Manuel Valente — Não. O segredo de Justiça só deve ser admitido até um certo momento do processo. O segredo de Justiça deve, apenas e tão-só, ocorrer na fase inicial para evitar que o indiciado e vítima vejam tudo exposto na imprensa, evitar que sejam enxovalhados e evitar que sejam utilizados como se fossem “mercadoria” midiática. Até porque, com o modelo de publicidade total, se o Tribunal entender e declarar que aquela pessoa é inocente, para a sociedade será sempre culpada. O segredo de Justiça deve durar até ao terminar a fase inicial do processo — inquérito — sob controlo jurisdicional, como acontece em muitos países, como ocorre em Portugal para a maior parte dos processos-crime em que o segredo de Justiça é decretado e ratificado pelo juiz das liberdades.

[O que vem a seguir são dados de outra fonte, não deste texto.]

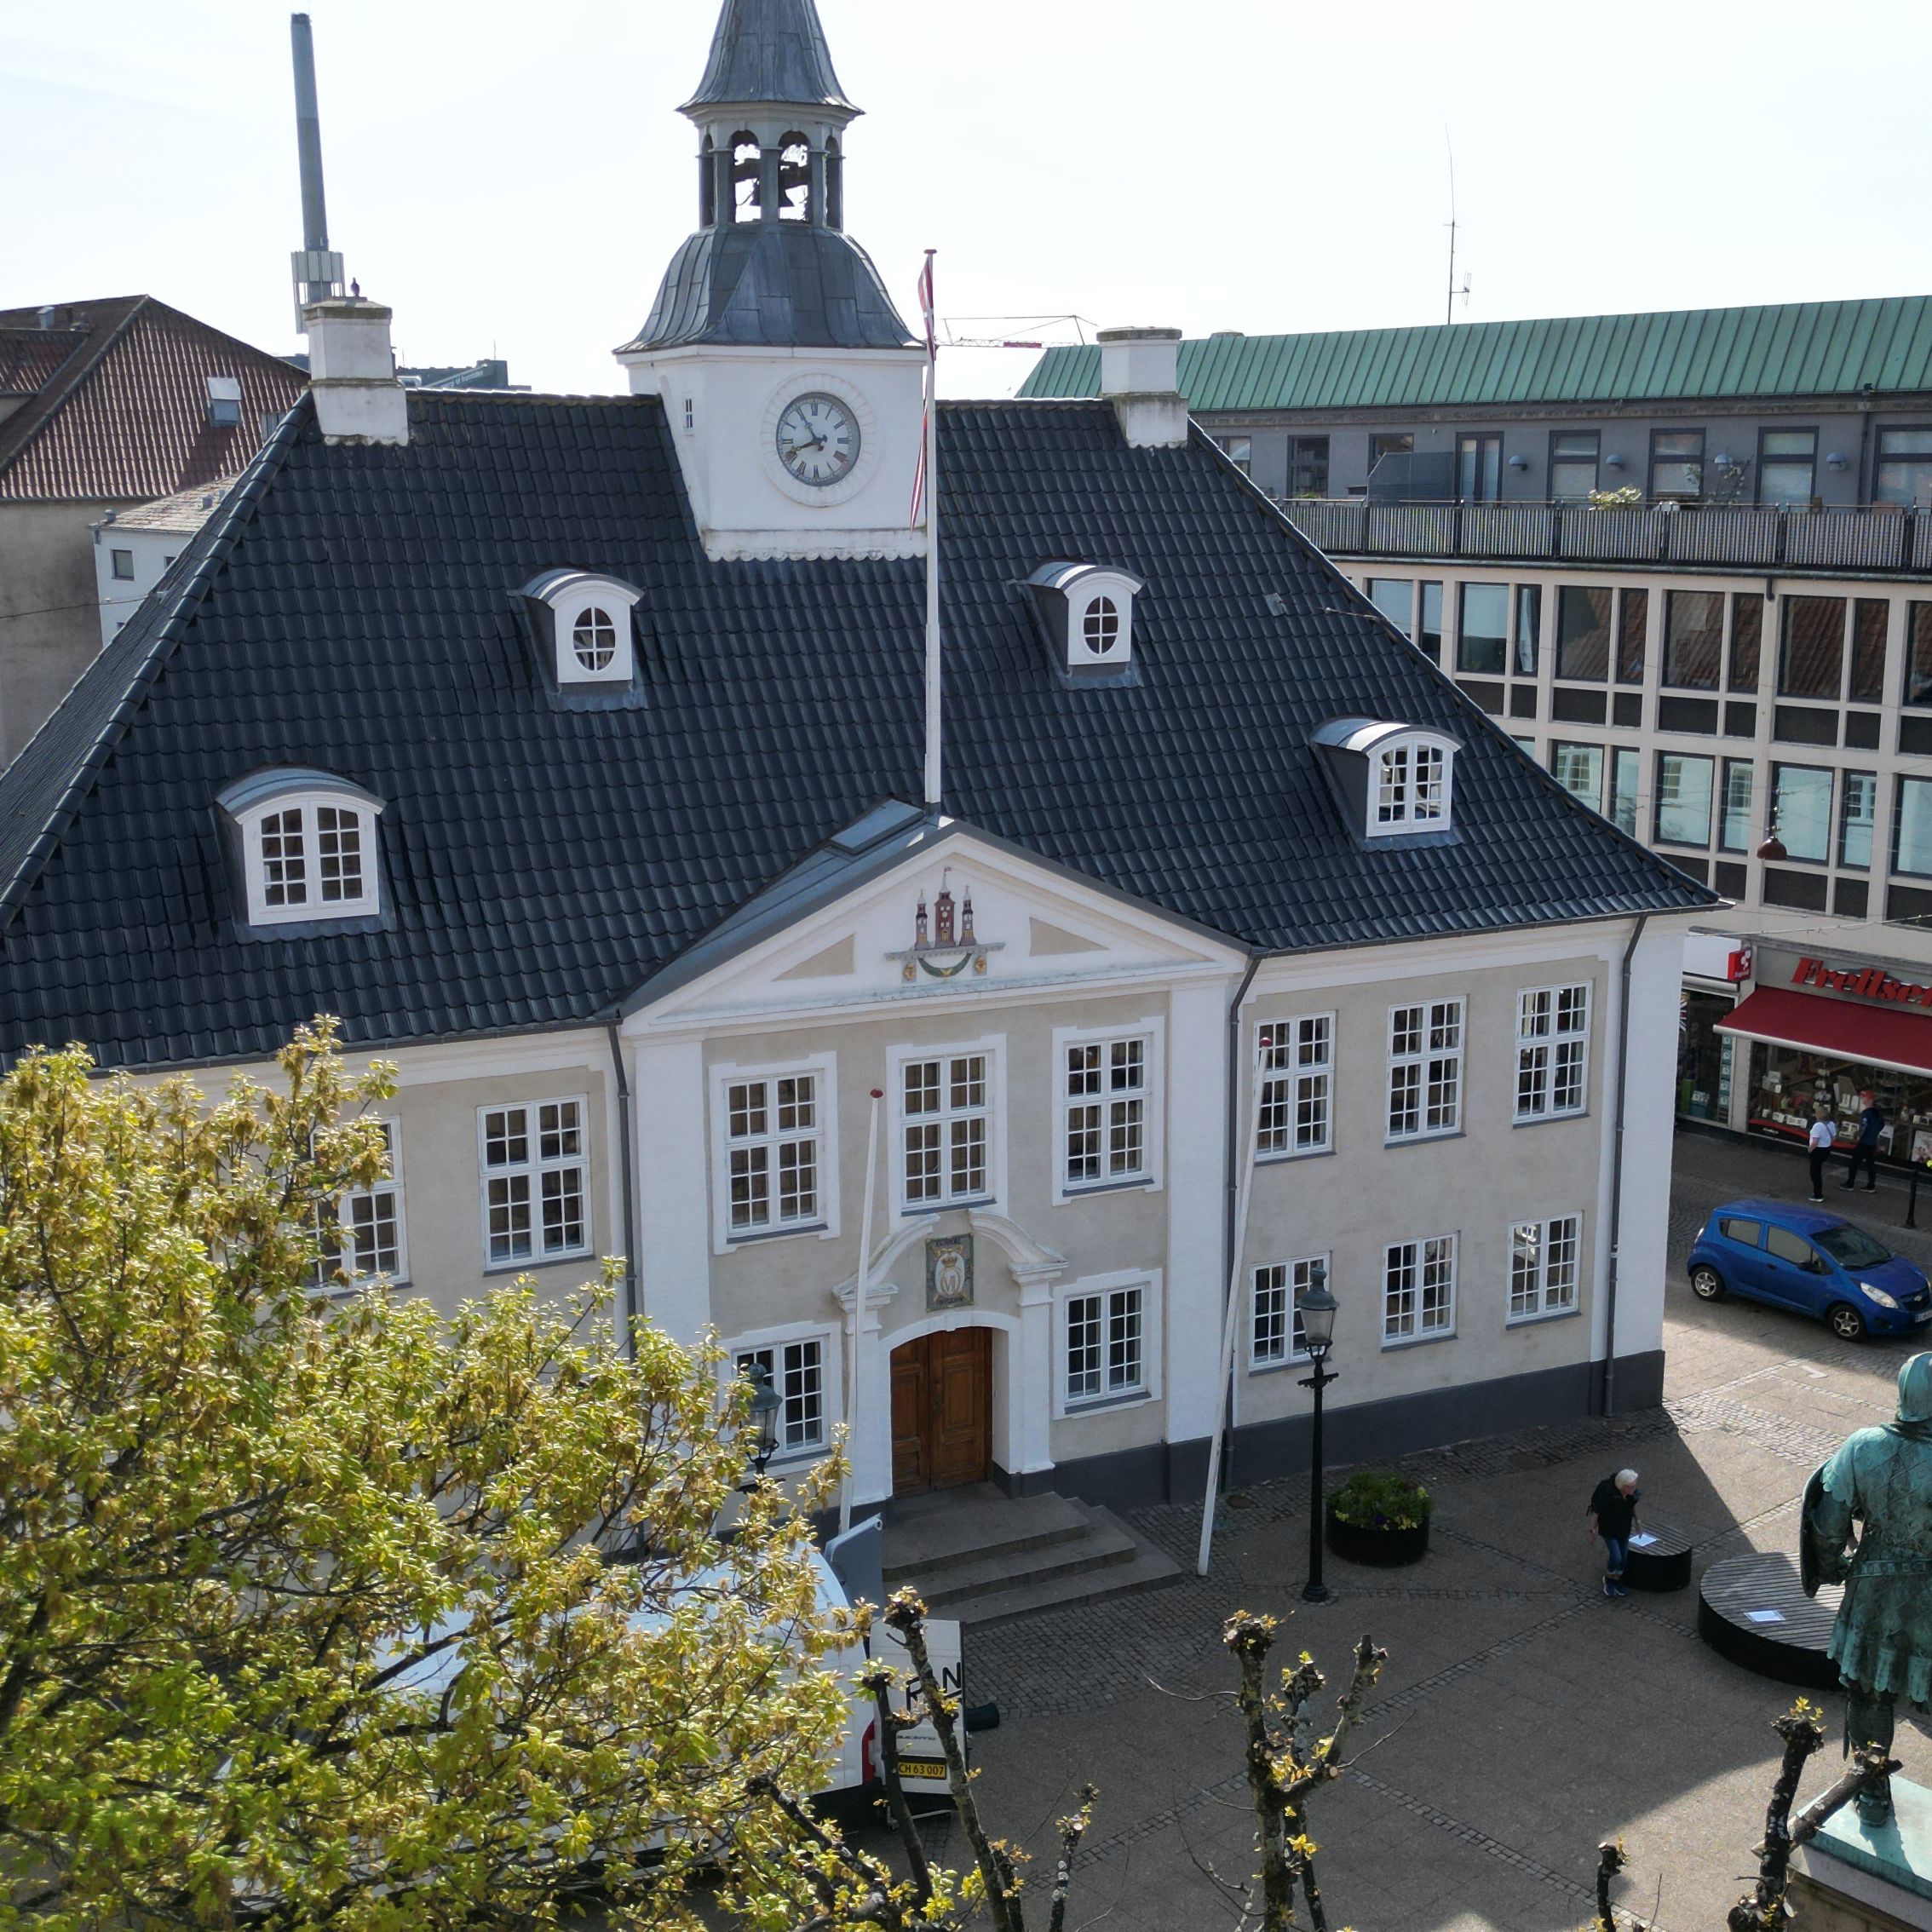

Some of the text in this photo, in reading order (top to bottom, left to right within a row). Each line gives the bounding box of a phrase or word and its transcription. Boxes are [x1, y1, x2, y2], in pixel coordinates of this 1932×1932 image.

[899, 1763, 945, 1775] CH 63 007

ConJur — O senhor é contra o inquérito policial?
Manuel Valente — A questão não se deve colocar dessa forma, melhor, o ser a favor ou o ser contra não é o problema principal. O problema é outro. Veja que Portugal abandonou o inquérito policial em 1945. E, com o CPP/87, a cuja Comissão presidiu o decano Jorge de Figueiredo Dias, a atividade da Polícia criminal de iniciativa própria passou a ser integrada na fase preliminar do processo e a ser a posterior consumida e integrada como sendo atividade processual por meio da decisão da autoridade judiciária. O inquérito policial deve estar ab initio ou a posteriori dentro do processo. Não posso ter uma fase processual tão relevante para os indiciados e as vítimas que não esteja dentro do processo ou que seja considerada como não processo.

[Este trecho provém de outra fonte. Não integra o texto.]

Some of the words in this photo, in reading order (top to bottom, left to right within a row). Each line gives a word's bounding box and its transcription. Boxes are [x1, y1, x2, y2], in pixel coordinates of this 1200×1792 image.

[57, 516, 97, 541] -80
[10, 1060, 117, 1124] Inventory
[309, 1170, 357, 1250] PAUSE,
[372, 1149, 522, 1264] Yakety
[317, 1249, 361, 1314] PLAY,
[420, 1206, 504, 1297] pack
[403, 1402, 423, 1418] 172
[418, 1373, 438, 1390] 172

ConJur — Há um empoderamento do Ministério Público de forma mundial?
Manuel Valente — Não me parece. Na Europa isso não acontece até porque, em alguns modelos europeus, as atribuições e competências estão bem especificadas. É um problema quando o Ministério Público e o Judiciário querem ocupar um espaço que não é o dele. O Ministério Público quer ser juiz, o juiz quer ser polícia e a polícia quer Ministério Público ou juiz. A não aceitabilidade da indisponibilidade das competências encerra-se em casos pontuais e concretos, assim como os atores pessoais são identificáveis, que são facilmente desmitificados. Outra coisa é a midiatização da Justiça criminal em que o Ministério Público ou outro ator de Justiça criminal procura avocar todo o espaço de protagonismo que deve ser de todos os atores. Assim como o juiz deve ter recato, todos os outros atores de Justiça criminal devem ter recato e evitar uma exposição que com rapidez se deteriora e corrói os valores da Justiça.